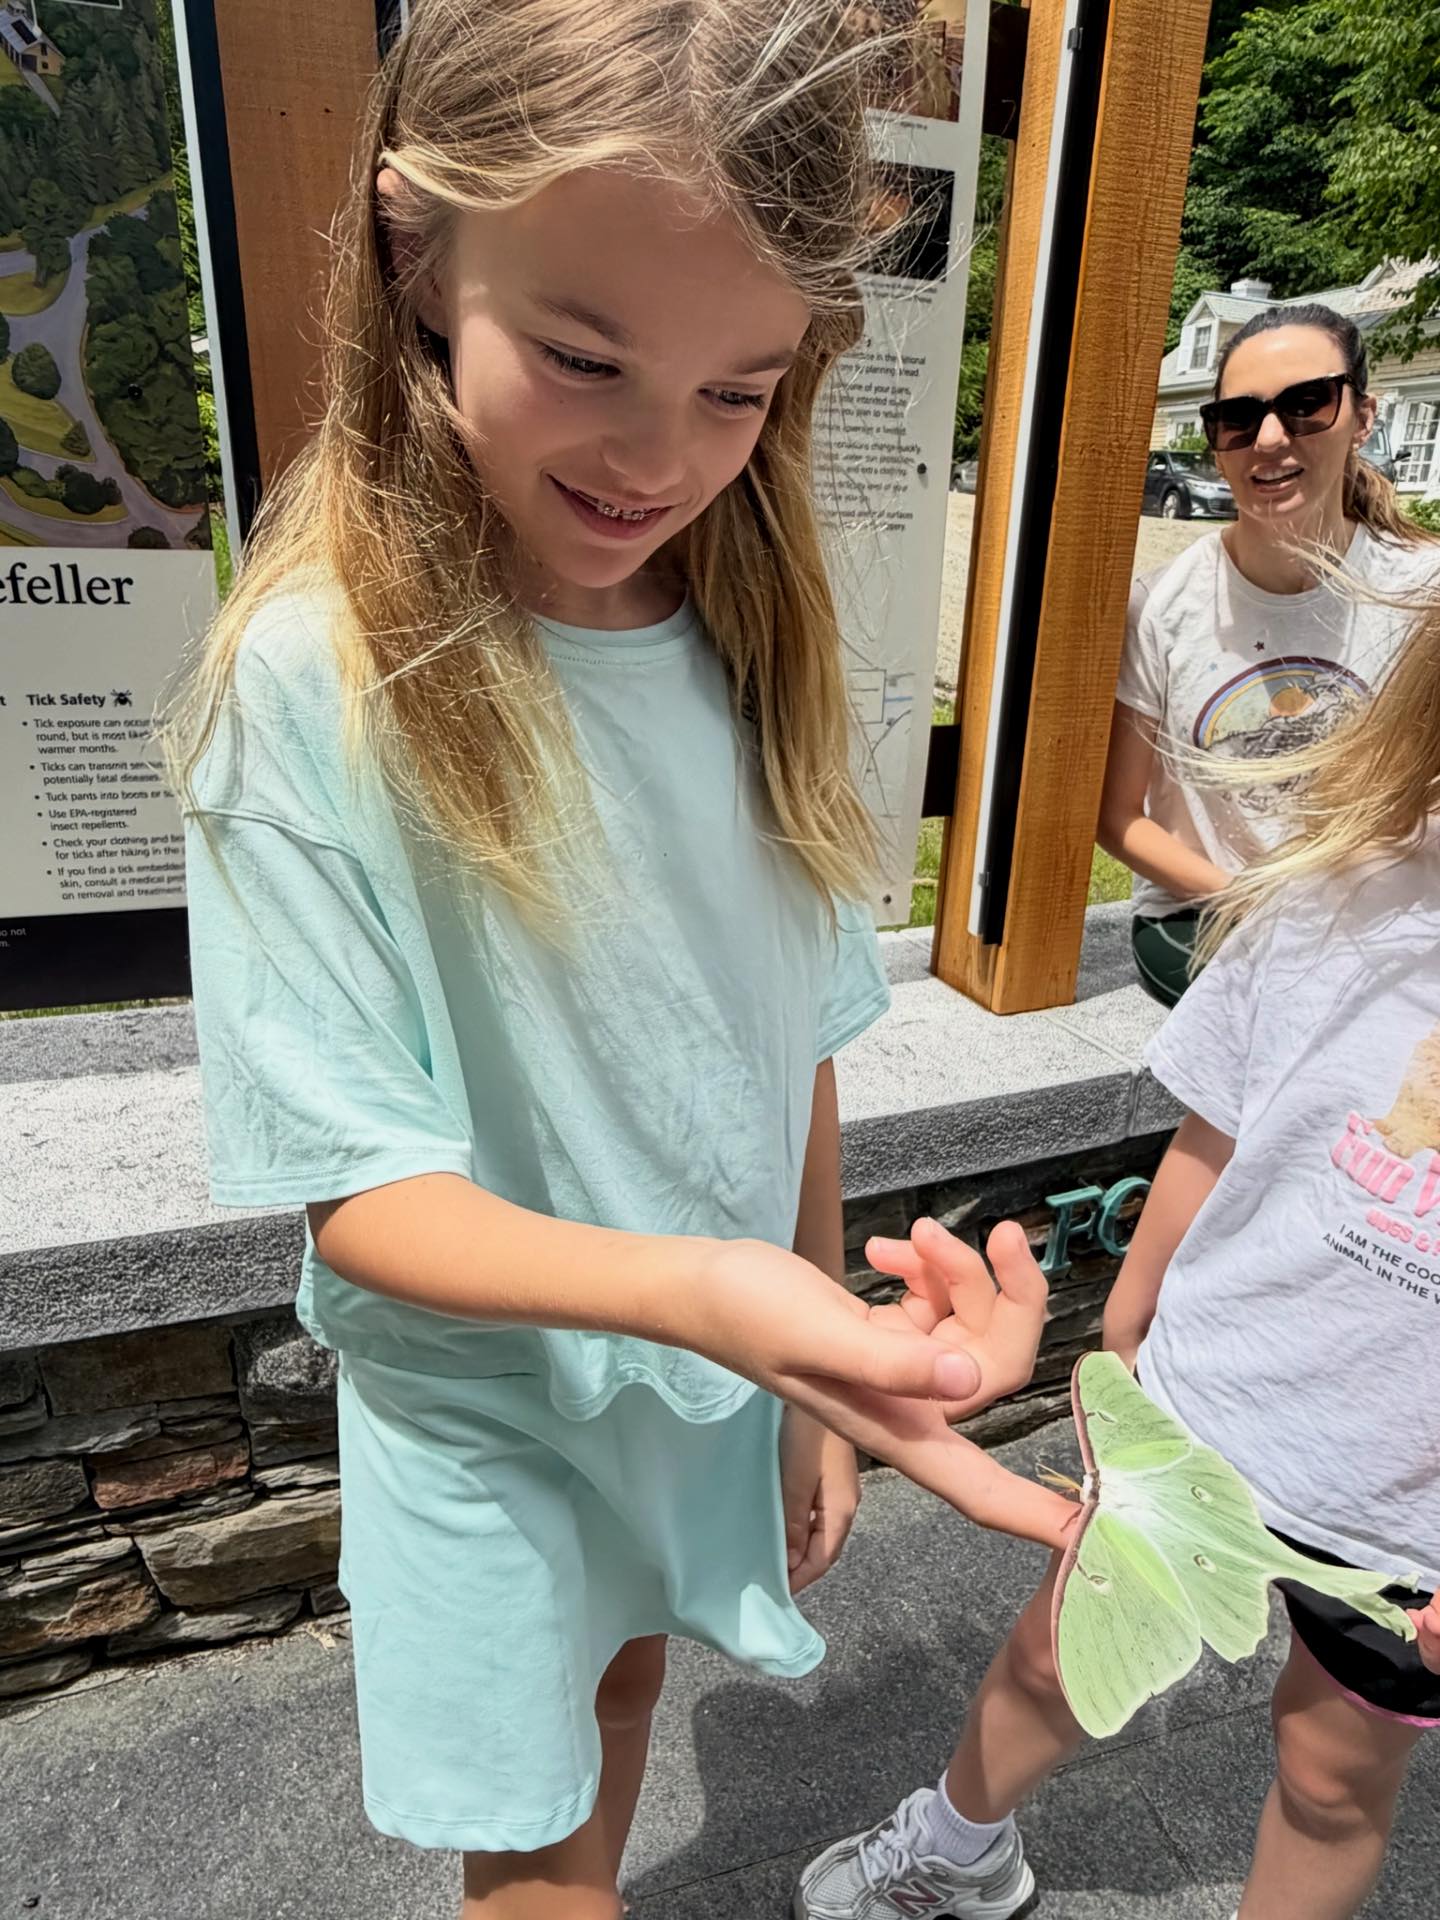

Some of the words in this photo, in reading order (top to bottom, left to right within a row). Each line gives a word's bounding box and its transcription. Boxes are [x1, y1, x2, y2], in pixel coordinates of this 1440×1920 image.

[0, 561, 134, 605] feller
[25, 693, 57, 706] Tick
[60, 692, 106, 708] Safety
[33, 718, 55, 728] Tick
[57, 719, 101, 730] exposure
[103, 719, 121, 728] can
[36, 732, 69, 742] round,
[71, 731, 89, 741] but
[91, 732, 100, 740] is
[38, 745, 76, 754] warmer
[40, 762, 66, 772] Ticks
[68, 763, 86, 771] can
[43, 774, 94, 787] potentially
[45, 791, 68, 801] Tuck
[71, 791, 98, 803] pants
[48, 808, 67, 819] Use
[69, 806, 137, 818] EPA-registered
[50, 821, 79, 831] insect
[53, 837, 84, 848] Check
[86, 838, 107, 849] your
[55, 850, 69, 860] for
[72, 849, 94, 860] ticks
[57, 866, 65, 876] If
[67, 868, 86, 878] you
[88, 865, 107, 875] find
[84, 877, 118, 888] consult
[62, 892, 75, 901] on
[77, 889, 114, 900] removal
[1339, 1223, 1347, 1234] I
[1345, 1229, 1368, 1249] AM
[1371, 1242, 1402, 1268] THE
[1322, 1232, 1373, 1272] ANIMAL
[1376, 1264, 1393, 1282] IN
[1396, 1274, 1430, 1300] THE
———
:: Exercise requirements ::
Could the material above be written out again word for word, with the pictures dropped?

:: Exercise answer ::
Some of the words in this photo, in reading order (top to bottom, left to right within a row). Each line gives a word's bounding box and its transcription. Boxes are [x1, y1, x2, y2], in pixel coordinates of this 1440×1920 image.

[0, 561, 134, 605] feller
[25, 693, 57, 706] Tick
[60, 692, 106, 708] Safety
[33, 718, 55, 728] Tick
[57, 719, 101, 730] exposure
[103, 719, 121, 728] can
[36, 732, 69, 742] round,
[71, 731, 89, 741] but
[91, 732, 100, 740] is
[38, 745, 76, 754] warmer
[40, 762, 66, 772] Ticks
[68, 763, 86, 771] can
[43, 774, 94, 787] potentially
[45, 791, 68, 801] Tuck
[71, 791, 98, 803] pants
[48, 808, 67, 819] Use
[69, 806, 137, 818] EPA-registered
[50, 821, 79, 831] insect
[53, 837, 84, 848] Check
[86, 838, 107, 849] your
[55, 850, 69, 860] for
[72, 849, 94, 860] ticks
[57, 866, 65, 876] If
[67, 868, 86, 878] you
[88, 865, 107, 875] find
[84, 877, 118, 888] consult
[62, 892, 75, 901] on
[77, 889, 114, 900] removal
[1339, 1223, 1347, 1234] I
[1345, 1229, 1368, 1249] AM
[1371, 1242, 1402, 1268] THE
[1322, 1232, 1373, 1272] ANIMAL
[1376, 1264, 1393, 1282] IN
[1396, 1274, 1430, 1300] THE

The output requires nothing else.